Preparation / Directions:
To make the dough: Combine the dry ingredients in a mixing bowl. Gradually add the oil and water to the bowl, mixing and kneading the dough as you go. The dough should not be so wet that it sticks to your fingers, but should hold together when pressed into a ball. Form a ball and set the dough aside for about 15 minutes.
To make the filling: Heat the oil in a skillet and add the onion, garlic, and jalapeno. Sauté for 4 to 5 minutes over medium heat. Add the seasonings and cook 1 minute more. Add the potato and water and cook for about 15 minutes, until the potatoes are tender. Add the chickpeas (garbanzos) and cook for another 5 to 10 minutes, until the filling is chunky and thick. Set the filling aside. Divide the dough into 4 to 6 equal-sized balls. Flatten each ball and roll out into thin 8-inch squares. Fill the middle of each square with about 1/2 cup of the filling. Wrap the dough around the mixture, burrito style, and seal the filling inside .

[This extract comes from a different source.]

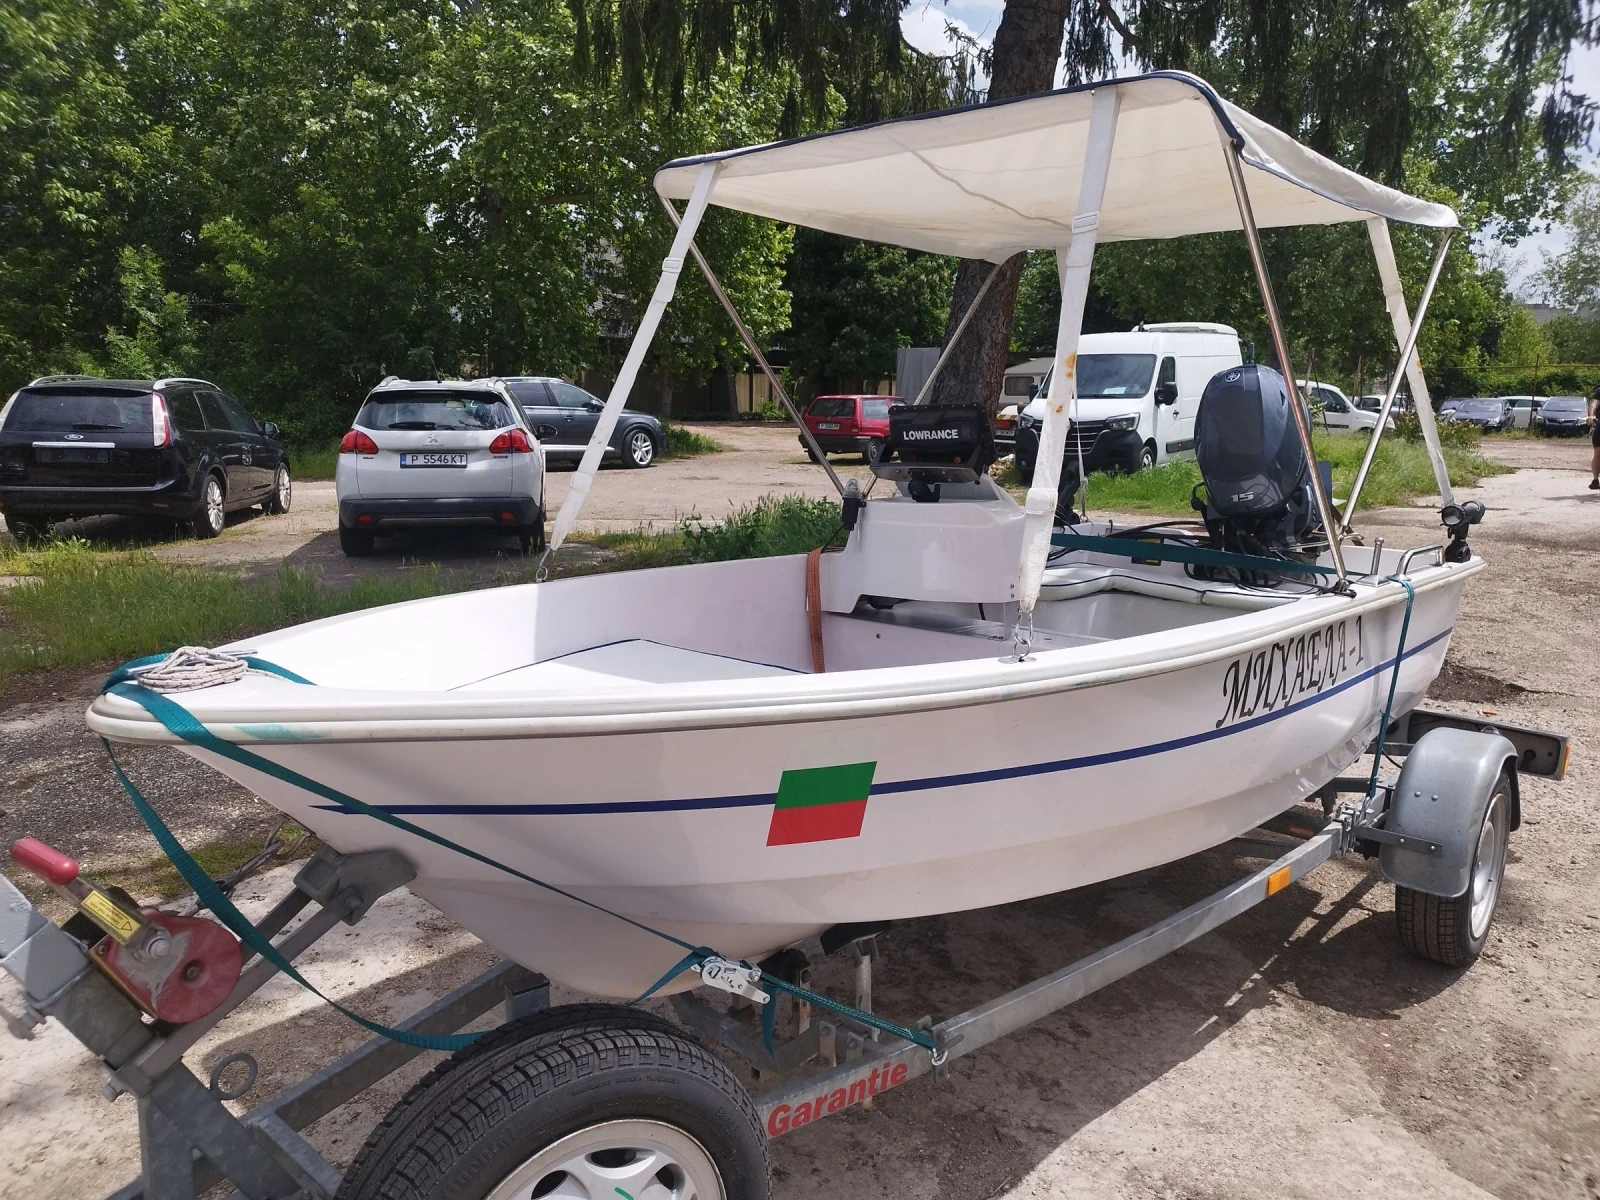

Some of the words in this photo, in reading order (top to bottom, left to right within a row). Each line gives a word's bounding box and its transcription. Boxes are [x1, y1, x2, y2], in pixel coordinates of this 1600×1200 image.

[903, 429, 959, 440] LOWRANCE
[1231, 491, 1254, 502] 15
[1215, 615, 1364, 729] МИХАЕЛА-1
[767, 1062, 908, 1137] Garantie

To cook the roti: Heat the butter in a skillet over high seat until it sizzles. Reduce the heat to medium and, using a large spatula, place a filled roti in the pan. Cook for 3 to 4 minutes, until the crust is golden brown. Turn with a wide spatula and continue cooking. Repeat the process with the remaining roti. Serve the roti with your favorite hot sauce.
Yield: 4 large servings
Years ago, immigrant Indians brought the tradition to Trinidad, and it spread to all of the other islands. I devoured my first roti on Saint Lucia, and I was quickly converted to a roti enthusiast. Potatoes, chickpeas, and pumpkin are some of my favorite fillings. Ideally, the dough should be rolled out very thin, like a samosa wrapping or a tortilla.